I got invited to do LSD for the first time, and I’m still pondering on whether I should do it or not. I’ve been going through my fair share of emotional trauma within the past couple of months, and I was pretty depressed a couple of weeks ago. I’m doing a lot better now, even though I’m not particularly happy (I don’t think I ever have been to be honest) so I’m not sure if I should wait until I’m in a better emotional state than I am now.
Aside from that, I’ve heard some bad things about LSD from my ex-boyfriend’s previous roommates. They are in their 30’s, so they are quite older than we are, and they tried to convince us that the only psychedelics that we should experiment with are mushrooms.
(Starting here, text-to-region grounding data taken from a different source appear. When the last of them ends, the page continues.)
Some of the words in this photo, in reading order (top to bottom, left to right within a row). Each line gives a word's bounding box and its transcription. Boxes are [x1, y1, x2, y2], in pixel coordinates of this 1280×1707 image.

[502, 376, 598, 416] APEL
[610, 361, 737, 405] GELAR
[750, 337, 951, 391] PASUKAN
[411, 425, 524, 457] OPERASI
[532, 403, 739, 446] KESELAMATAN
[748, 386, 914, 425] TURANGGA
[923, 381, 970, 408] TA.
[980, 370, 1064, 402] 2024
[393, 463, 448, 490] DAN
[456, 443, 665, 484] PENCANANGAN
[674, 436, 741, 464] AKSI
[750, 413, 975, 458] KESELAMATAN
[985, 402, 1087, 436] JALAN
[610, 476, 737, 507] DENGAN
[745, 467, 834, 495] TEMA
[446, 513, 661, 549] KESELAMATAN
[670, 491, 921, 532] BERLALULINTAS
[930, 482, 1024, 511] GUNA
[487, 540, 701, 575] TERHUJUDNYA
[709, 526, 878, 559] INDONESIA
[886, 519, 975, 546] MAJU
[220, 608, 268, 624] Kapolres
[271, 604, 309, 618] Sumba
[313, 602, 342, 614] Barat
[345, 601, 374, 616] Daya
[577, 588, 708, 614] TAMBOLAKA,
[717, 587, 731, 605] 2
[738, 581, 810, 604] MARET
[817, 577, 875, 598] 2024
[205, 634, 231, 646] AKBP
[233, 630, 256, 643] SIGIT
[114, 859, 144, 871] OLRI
They said that LSD was all good for them at first, but after some years they started receiving nothing but negative messages and the last experience they had was particularly horrible involving his wife being possessed, and voices that wouldn’t leave her alone for a couple of weeks until she learned how to ignore them.
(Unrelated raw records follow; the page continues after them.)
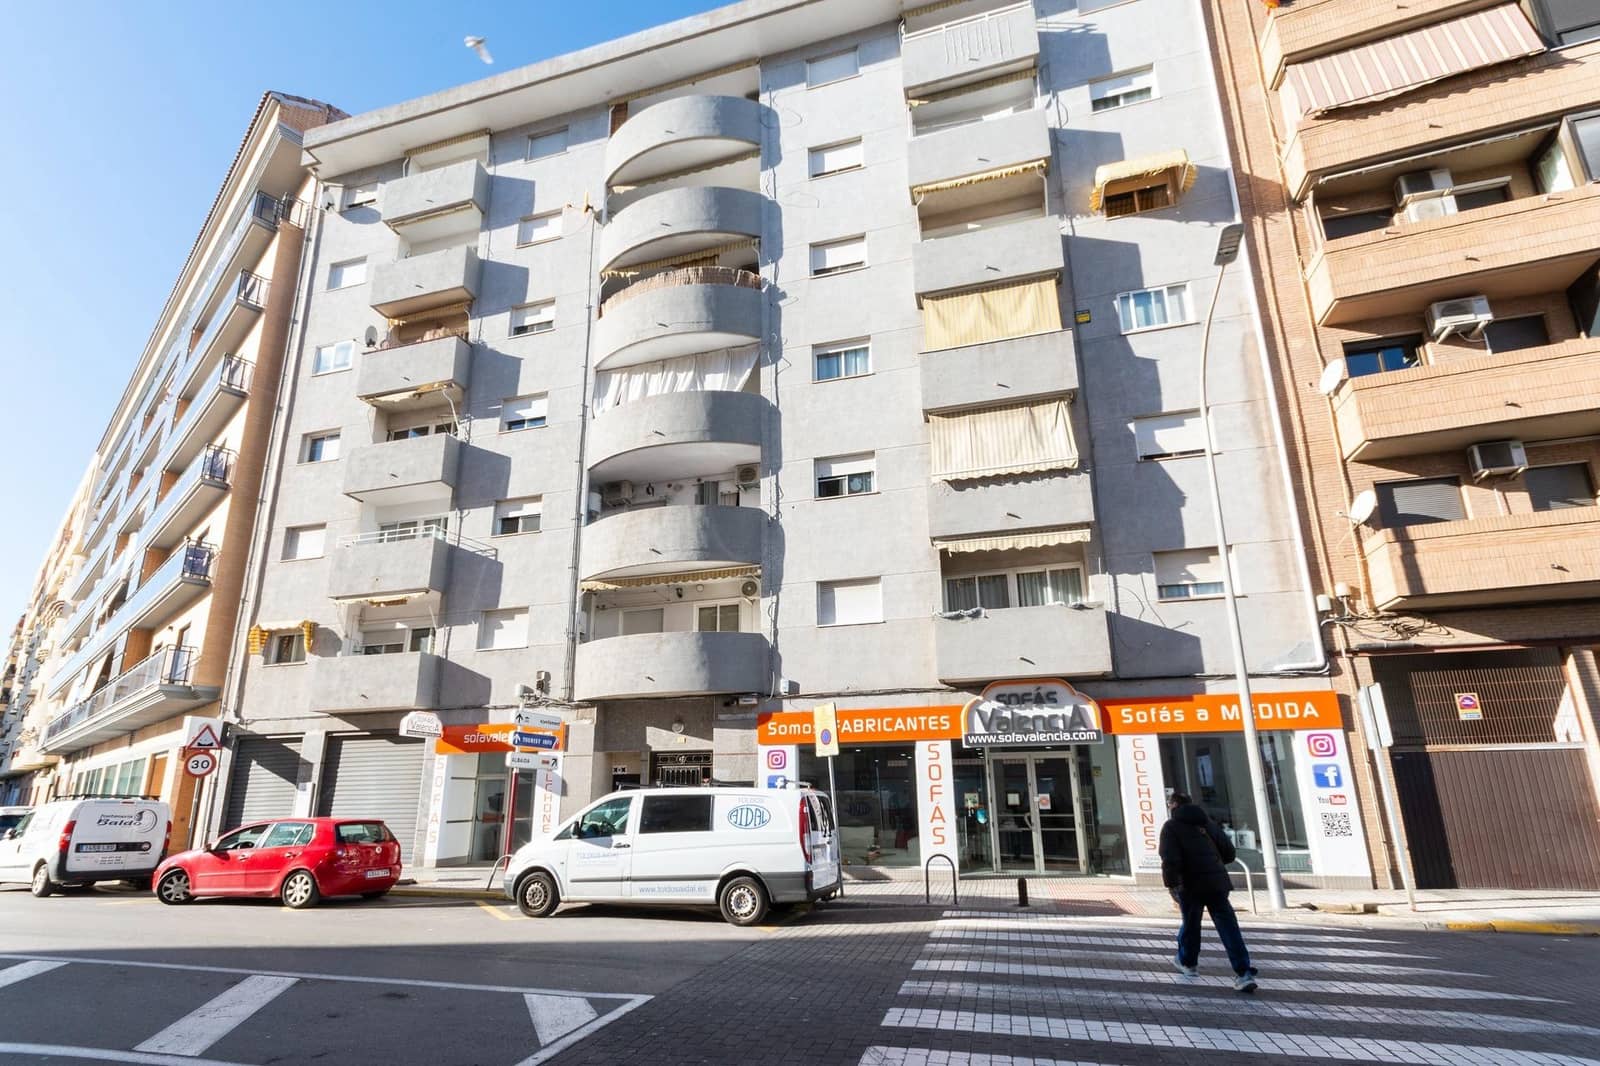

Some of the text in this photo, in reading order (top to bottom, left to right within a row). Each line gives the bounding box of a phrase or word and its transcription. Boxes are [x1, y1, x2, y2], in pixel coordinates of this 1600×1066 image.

[995, 686, 1058, 708] SOFÁS
[1121, 701, 1320, 724] Sofás a MDIDA
[967, 730, 1097, 744] www.sofavalencia.com
[191, 759, 210, 769] 30
[927, 743, 946, 845] SOFÁS
[1132, 738, 1157, 851] COLCHONES
[96, 818, 143, 827] Baldo
[730, 807, 768, 827] AIDAL
It could have been the type of acid they took, but I’m not sure. I’m the kind of the person that always has to see things for myself, so I still want to try it despite what they said. I just know that I’m going to be thinking about everything they told me about, so I don’t want it to influence me but it’s going to be hard to get it out of my mind. Also, if I decide to do it it will be with people that I don’t know very well, so I don’t know if I should wait to do it with people that I know better. The person that wants me to try it keeps telling me that everything will be fine, and I think he’s a good guy but I’ve just never tried any hallucinogens before and I don’t want my first time to be a negative experience for me. Should I wait or am I just thinking about it too much and should do it?
There is always the first time. Some of us came at it deliberately and some by chance. Some had time to worry and for some it came up so quickly they dosed before they knew what they were doing. It’s a jump in the deep end know matter how you go about it. If your a strong swimmer go for it. But if you’re having an eternal diolague then heed the side of caution. It also depends on how strong your ego is. The experience is going to tear the ego apart and if you have not already made good headway in shedding the ego then the process is going to tear you apart. That being said, good or bad, my most intense trips are my favorite.
honestly i don’t think you can be too prepared for your first acid trip if its strong cid. you have to be able to guide yourself through insanity. it’s exhausting but really immensely rewarding and you may even realize things that will cause you to be happier. you just have to know how to be content in the moment i suppose. not sure how much sense i made. just go for it, you won’t die and you won’t lose your mind.